Le médecin répond d’un petit rire. Le voilà ainsi lancé sur son sujet préféré.
« Je n’ai pas de relations amoureuses. Je trouve ça stupide et inutile. Il m’arrive de sortir avec des gens mais, uniquement pour le sexe »
« Avez-vous une de ces relations en ce moment ? »
« Plus ou moins, il y a ce gars, Andrew que je vois plusieurs fois par semaines. Et une fille, Lydia que je vois un peu moins souvent. Elle est du genre collant mais, elle ne donne plus de nouvelles depuis que j’ai demandé à partager l’addition à la pizzeria. L’autre elle croyait que c’était un rencard romantique. Et Andrew est plus cool, on est sur la même longueur d’onde. Il est en couple et son mec est jaloux donc je vais me faire casser la gueule »
« Cette situation vous inquiètes ? »
« Non »
La réponse a le mérite d’être claire.
« Vous n’avez jamais eu de relations sentimentales ? Au lycée par exemple ? »
« Non. Le lycée m’ennuyait. Les profs étaient cons, les élèves stupides. Et, j’ai sauté plusieurs années donc, j’avais 3 ans de différence avec les autres de ma classe. »
« Qu’est-ce que ça faisait d’être ainsi propulsé dans des années supérieures ? »
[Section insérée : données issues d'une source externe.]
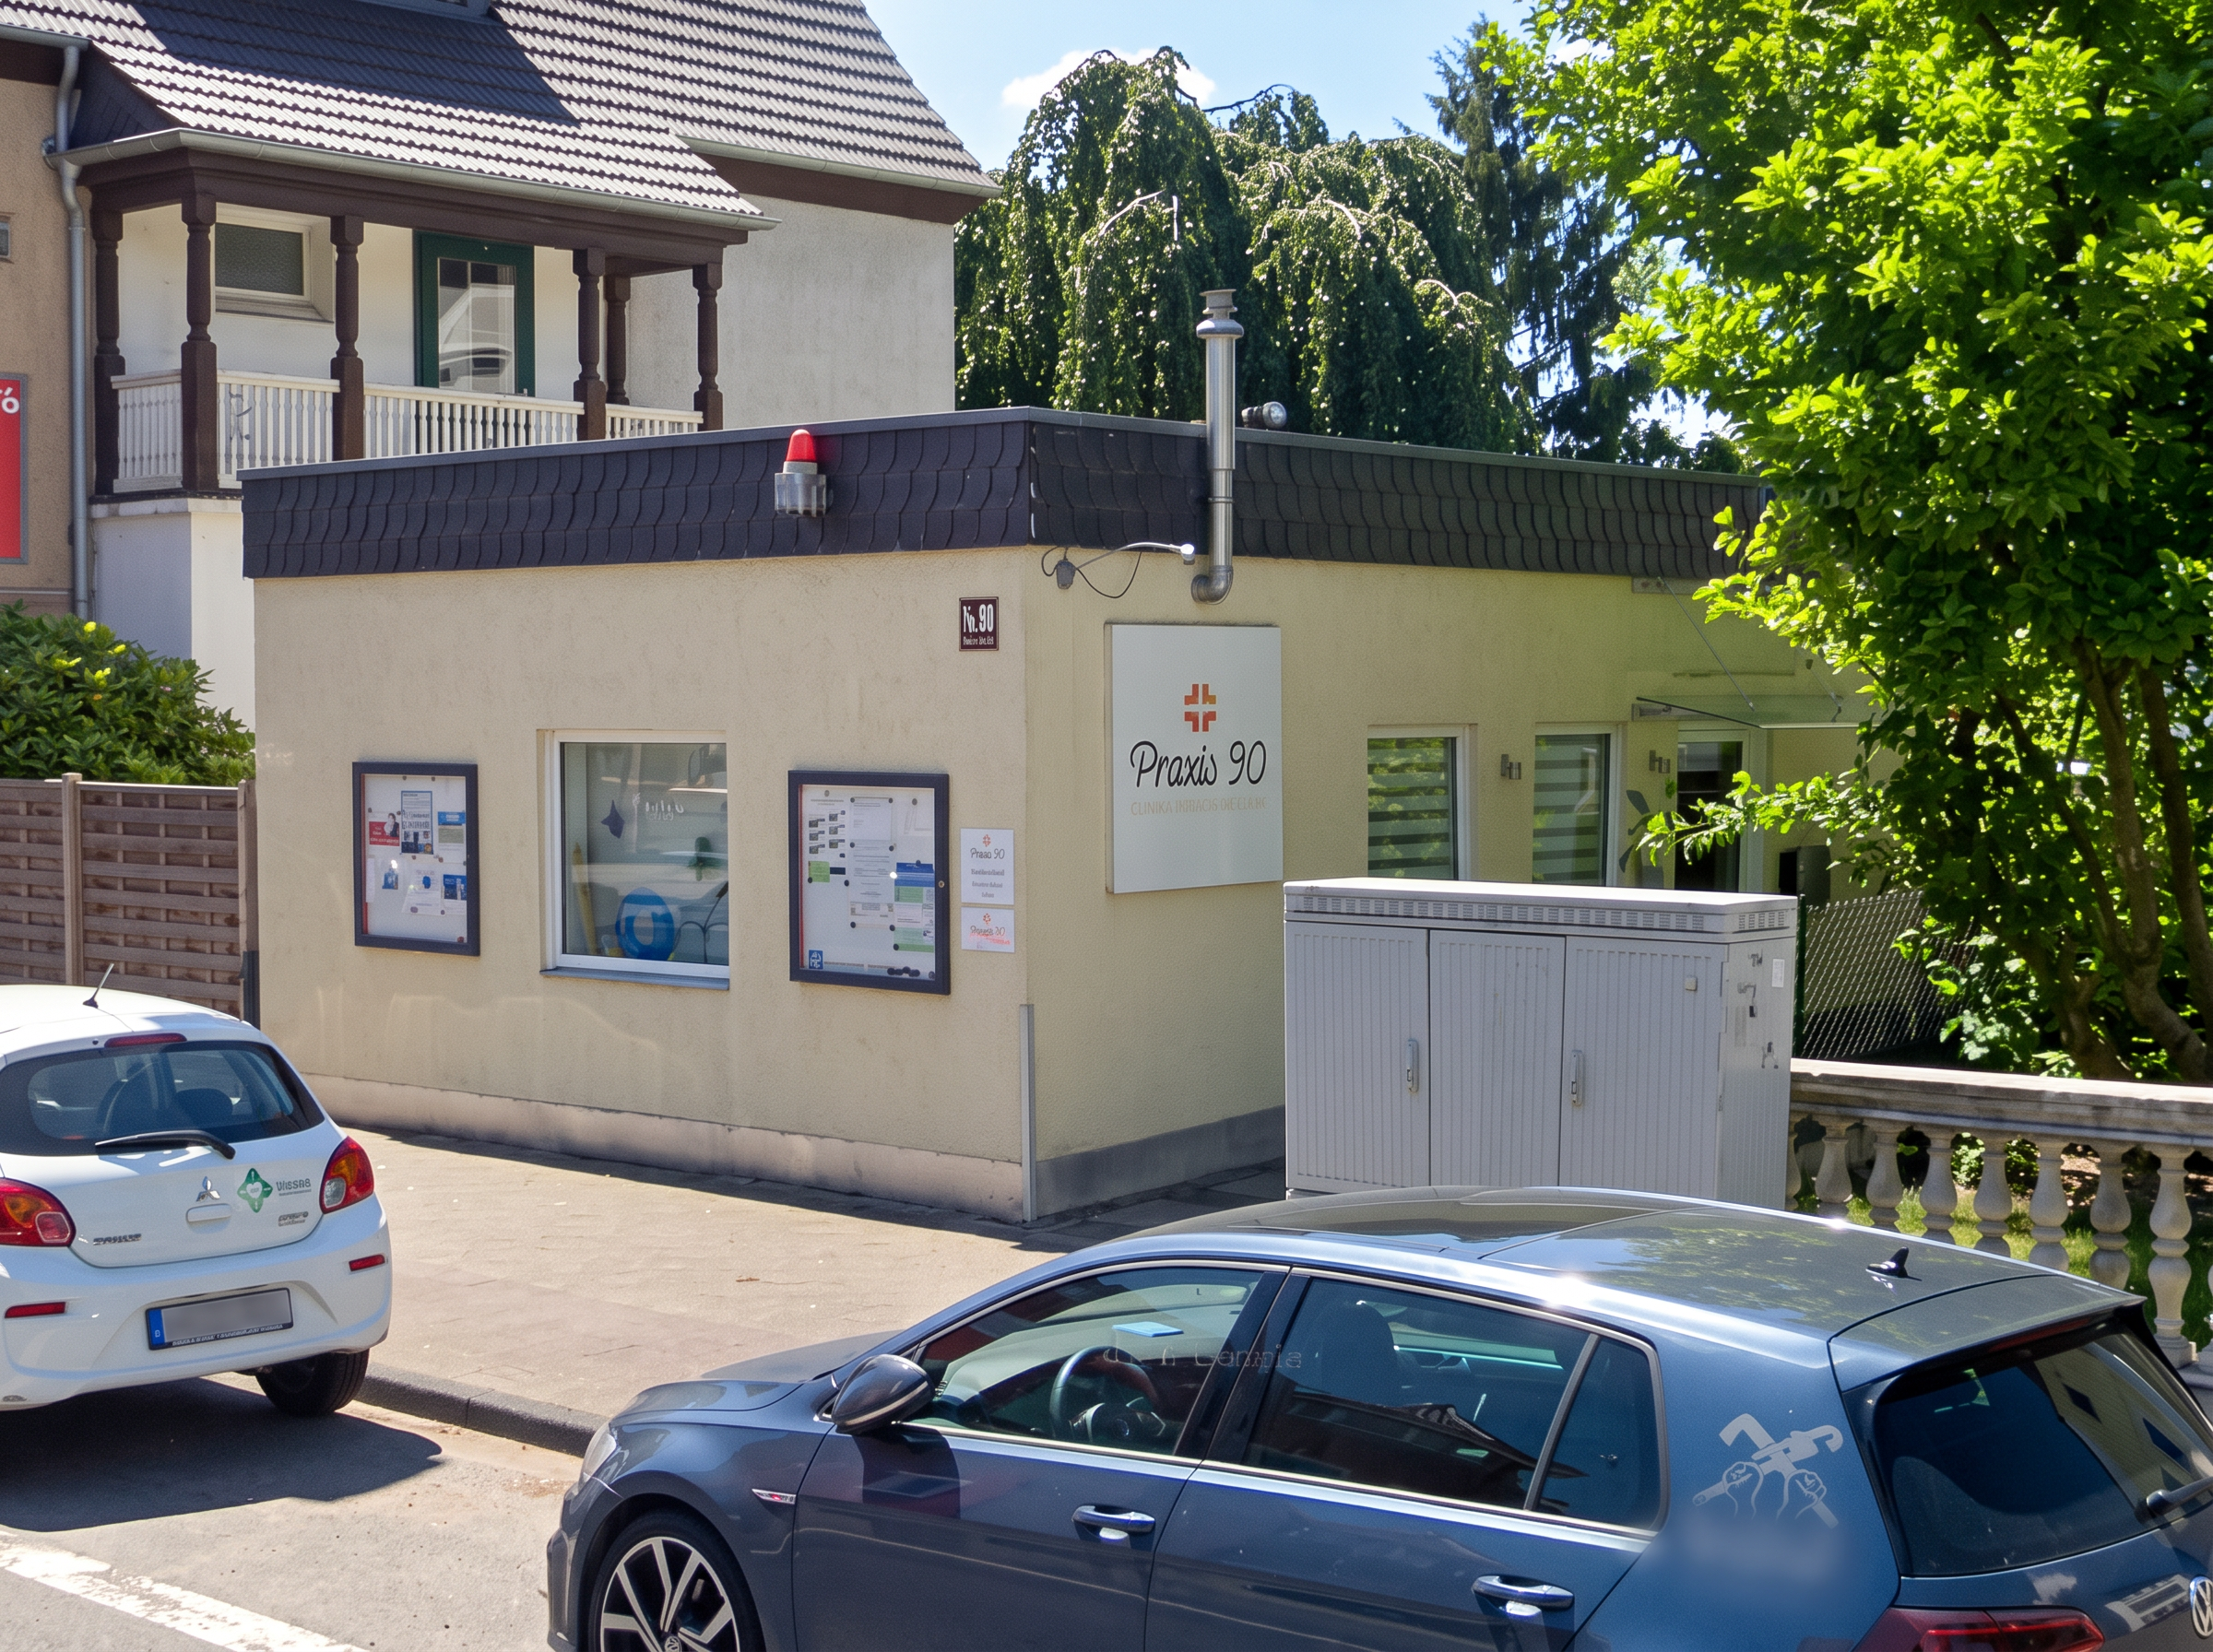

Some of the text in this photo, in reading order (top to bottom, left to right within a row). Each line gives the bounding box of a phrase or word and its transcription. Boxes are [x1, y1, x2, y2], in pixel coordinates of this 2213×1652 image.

[1130, 740, 1267, 788] Praxis 90
[993, 847, 1005, 859] 90
« Oh c’était bien. Ca voulait dire que j’allais passer moins de temps là. En fait, je voulais juste aller à la fac. Et si votre question est : est-ce que j’étais maltraité par les autres élèves, la réponse est non. Je corrigeais les profs, j’expliquais mieux qu’eux, ça faisait rire les autres. Une fois je dormais, le prof m’a envoyé au tableau pour m’humilier. J’ai récité l’entièreté de sa matière devant tout le monde. C’est lui qui s’est fait humilier. Je me suis pris une retenue mais, tous les élèves m’ont applaudi. Je défie le stéréotype du petit génie maltraité »
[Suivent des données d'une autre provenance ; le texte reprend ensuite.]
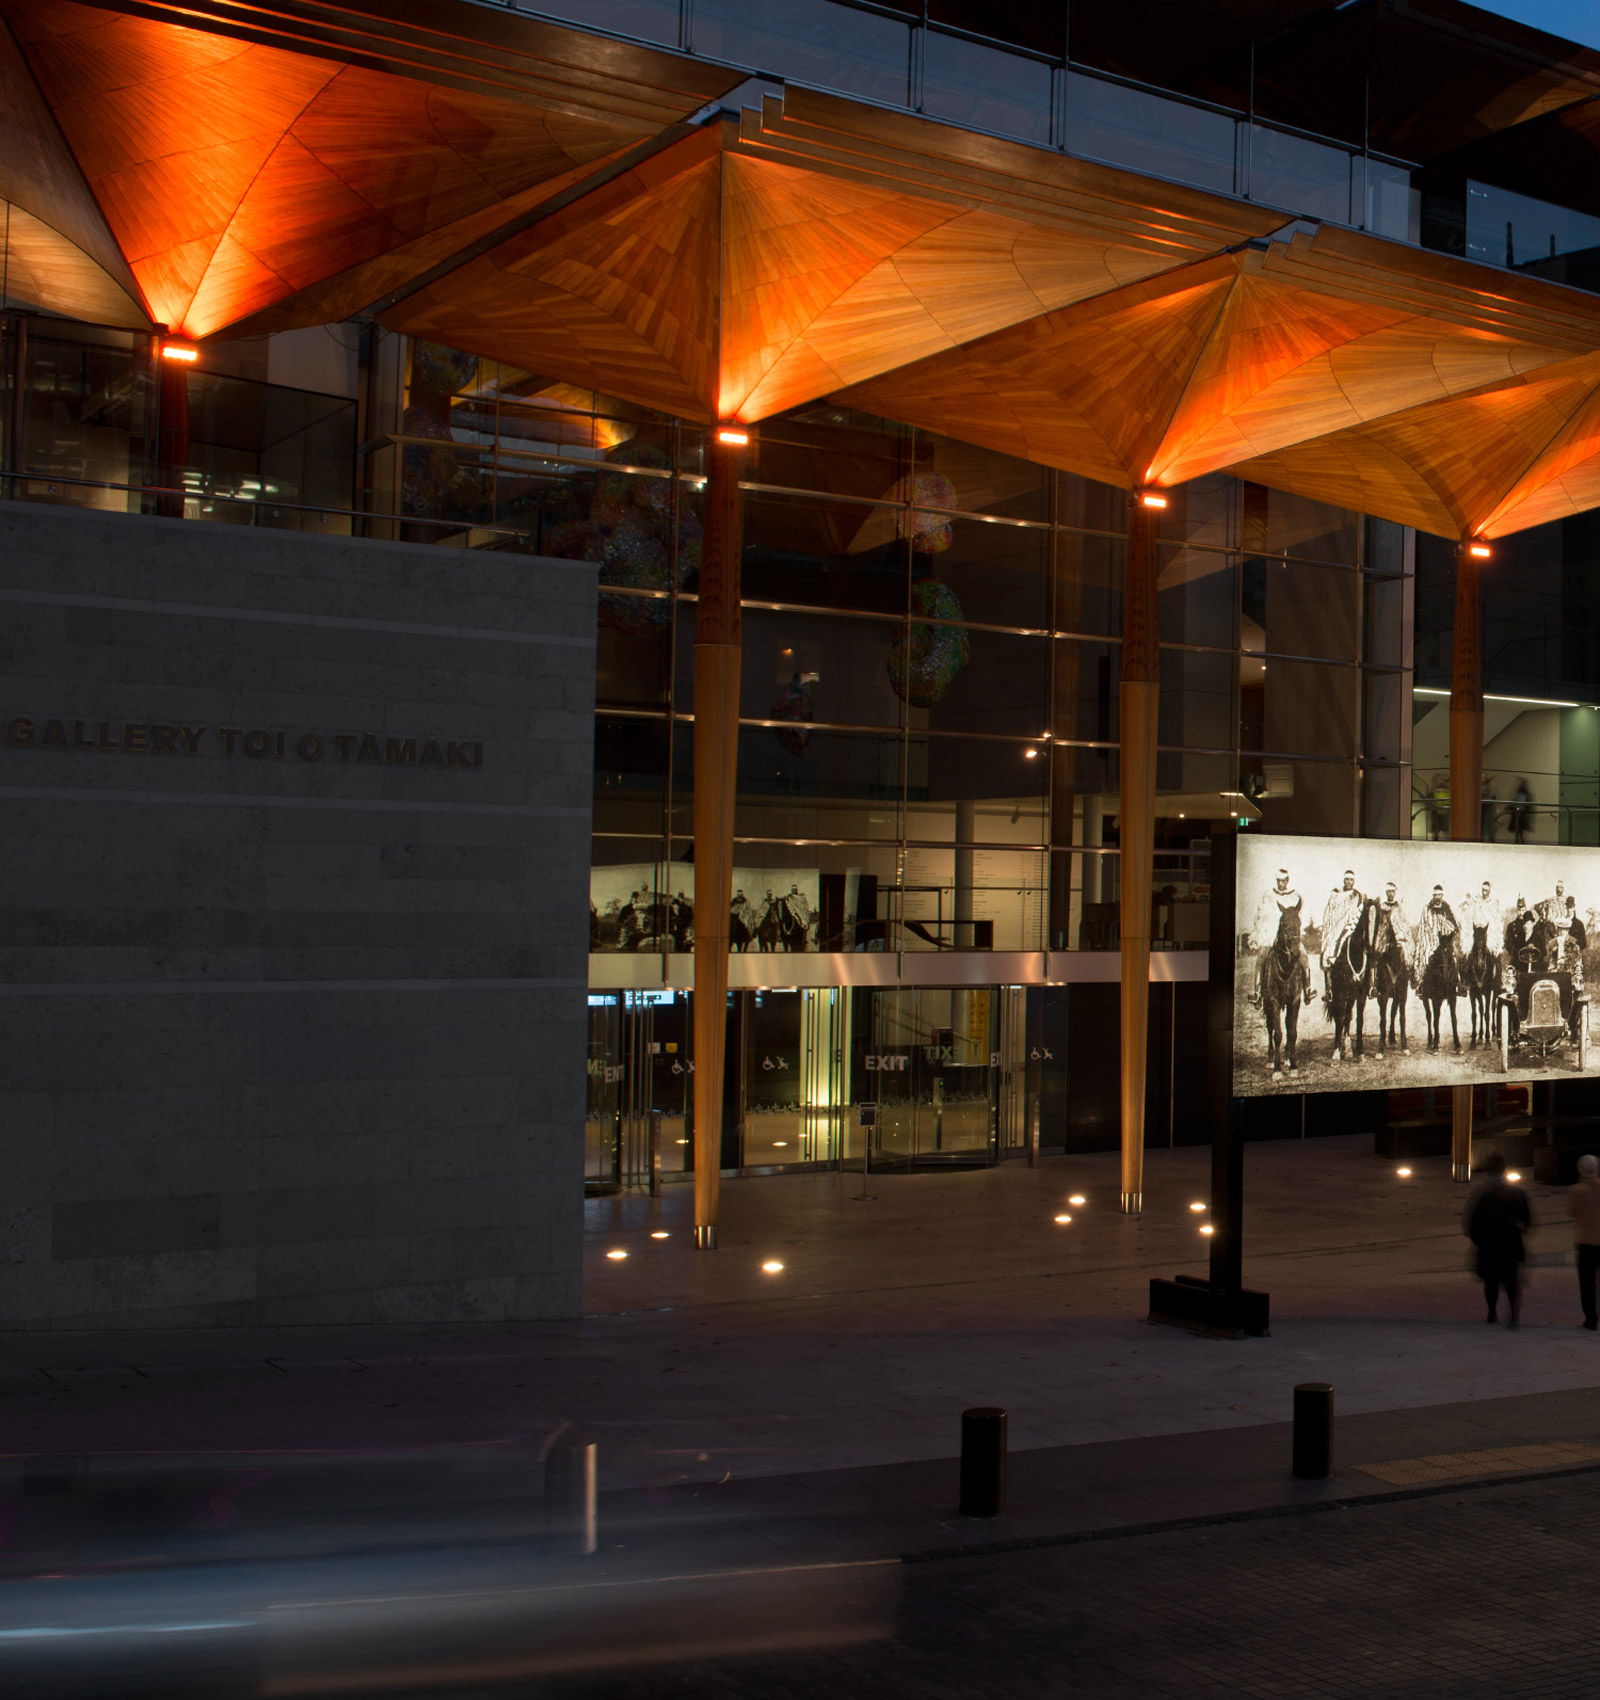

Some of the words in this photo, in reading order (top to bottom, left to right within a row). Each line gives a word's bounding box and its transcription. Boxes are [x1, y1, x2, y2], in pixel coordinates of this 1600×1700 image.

[5, 717, 207, 755] GALLERY
[217, 728, 285, 760] TOI
[297, 733, 324, 761] O
[864, 1055, 909, 1071] EXIT
« Le lycée est souvent une période dont les gens veulent parler. Je vois que vous en avez un bon souvenir »
« Ouais, mais c’est surtout l’université que j’ai adorée. C’était tellement stimulant, intéressant. Même si j’étais plus jeune, je m’y suis vraiment senti comme chez moi. J’étais même premier de ma promotion. Mais c’est fini et maintenant je suis dans la vie réelle. »
« Cette période vous manque ? »
« Un peu mais, je considère que c’est un chapitre terminé. J’ai autre chose à faire désormais. Et puis, rien ne m’empêche de me taper des étudiants et de surveiller la littérature scientifique »
Au final, Maxwell passe l’heure à parler de lui. Son égo est satisfait et il n’aborde pas une seule fois la maladie qui plane sur sa lignée. Il décrit toute l’apathie qu’il a pour le genre humain ainsi que sa catégorisation entre les gens qu’il juge intéressants et ceux qui ne devraient même pas avoir le droit de parler. Quant à la spécialiste, elle apprécie ce patient et ses notes prennent plusieurs pages. D’autres ne tarderont pas à les rejoindre.
Sans s’en rendre compte, le médecin a révélé plusieurs choses le concernant. Qu’il est moins à l’aise avec la maladie qu’il le dit à sa mère, qu’il l’aime énormément et n’ose pas lui désobéir. Aussi qu’il a une haute estime de lui-même et considère les gens comme un bon moyen de lustrer son égo et comme des objets pour son plaisir personnel. De la même façon, son manque de maturité sentimentale est flagrante. Il a aussi démontré sa passion pour les sciences et l'apprentissage. Ces prémisses promettent une personnalité toute en relief.